Proteolytic stability and aggregation in a key metabolic enzyme of bacteria.

Proteins that are kinetically stable are thought to be less prone to both aggregation and proteolysis. We demonstrate that the classical lac system of Escherichia coli can be leveraged as a model system to study this relation. β-galactosidase (LacZ) plays a critical role in lactose metabolism and is an extremely stable protein that can persist in growing cells for multiple generations after expression has stopped. By attaching degradation tags to the LacZ protein, we find that LacZ can be transiently degraded during lac operon expression but once expression has stopped functional LacZ is protected from degradation. We reversibly destabilize its tetrameric assembly using α-complementation, and show that unassembled LacZ monomers and dimers can either be degraded or lead to formation of aggregates within cells, while the tetrameric state protects against proteolysis and aggregation.
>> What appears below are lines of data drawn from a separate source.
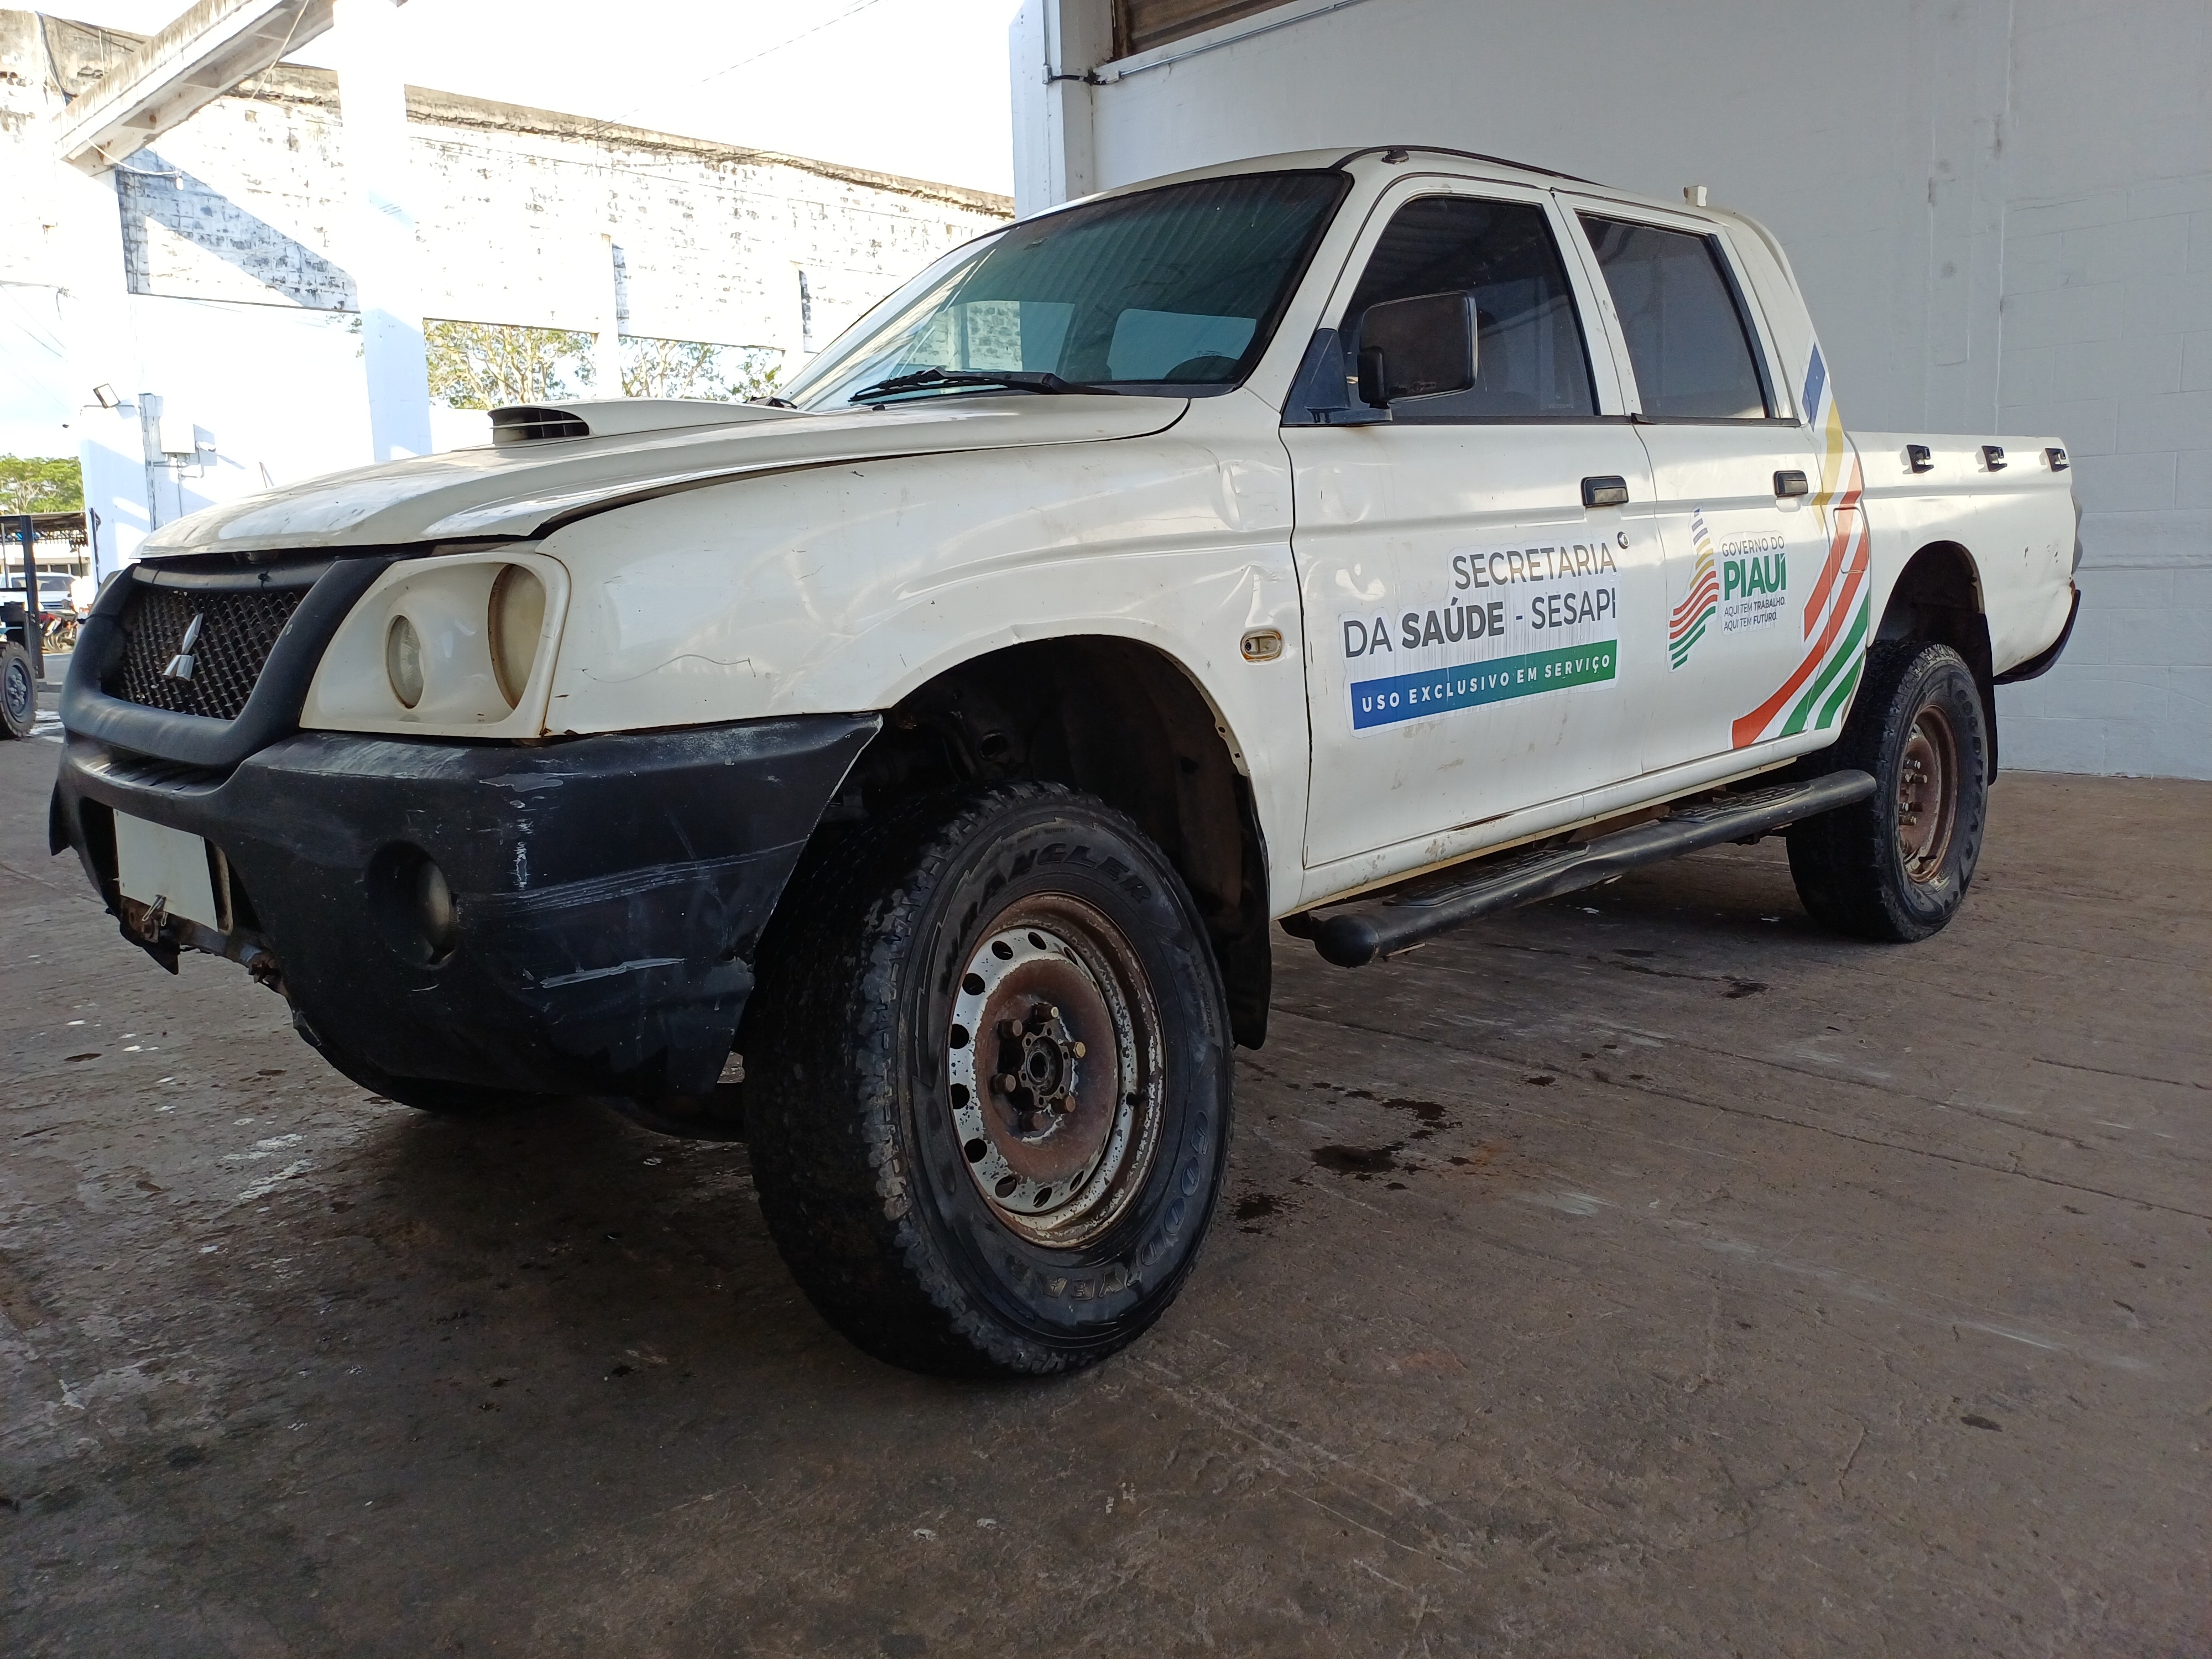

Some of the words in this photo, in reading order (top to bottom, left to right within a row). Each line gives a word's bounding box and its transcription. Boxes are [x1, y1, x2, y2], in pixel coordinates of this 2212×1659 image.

[1453, 543, 1617, 589] SECRETARIA
[1721, 538, 1768, 557] GOVERNO
[1770, 536, 1785, 550] DO
[1723, 553, 1786, 601] PIAUÍ
[1344, 617, 1392, 658] DA
[1401, 597, 1504, 649] SAÚDE
[1531, 587, 1616, 629] SESAPI
[1724, 605, 1739, 617] AQUI
[1740, 602, 1752, 614] TEM
[1754, 596, 1786, 611] TRABALHO.
[1724, 619, 1739, 632] AQUI
[1740, 616, 1752, 628] TEM
[1753, 612, 1778, 625] FUTURO.
[1362, 692, 1400, 712] USO
[1409, 672, 1509, 704] EXCLUSIVO
[1517, 667, 1537, 684] EM
[1545, 654, 1610, 678] SERVIÇO
[938, 842, 1152, 995] WRANGLER
[1004, 1110, 1209, 1301] GOODYEAR
We show that the presence of aggregates is associated with cell death, and that these proteotoxic stress phenotypes can be alleviated by attaching an ssrA tag to LacZ monomers which leads to their degradation. We unify our findings using a biophysical model that enables the interplay of protein assembly, degradation, and aggregation to be studied quantitatively in vivo. This work may yield approaches to reversing and preventing protein-misfolding disease states, while elucidating the functions of proteolytic stability in constant and fluctuating environments.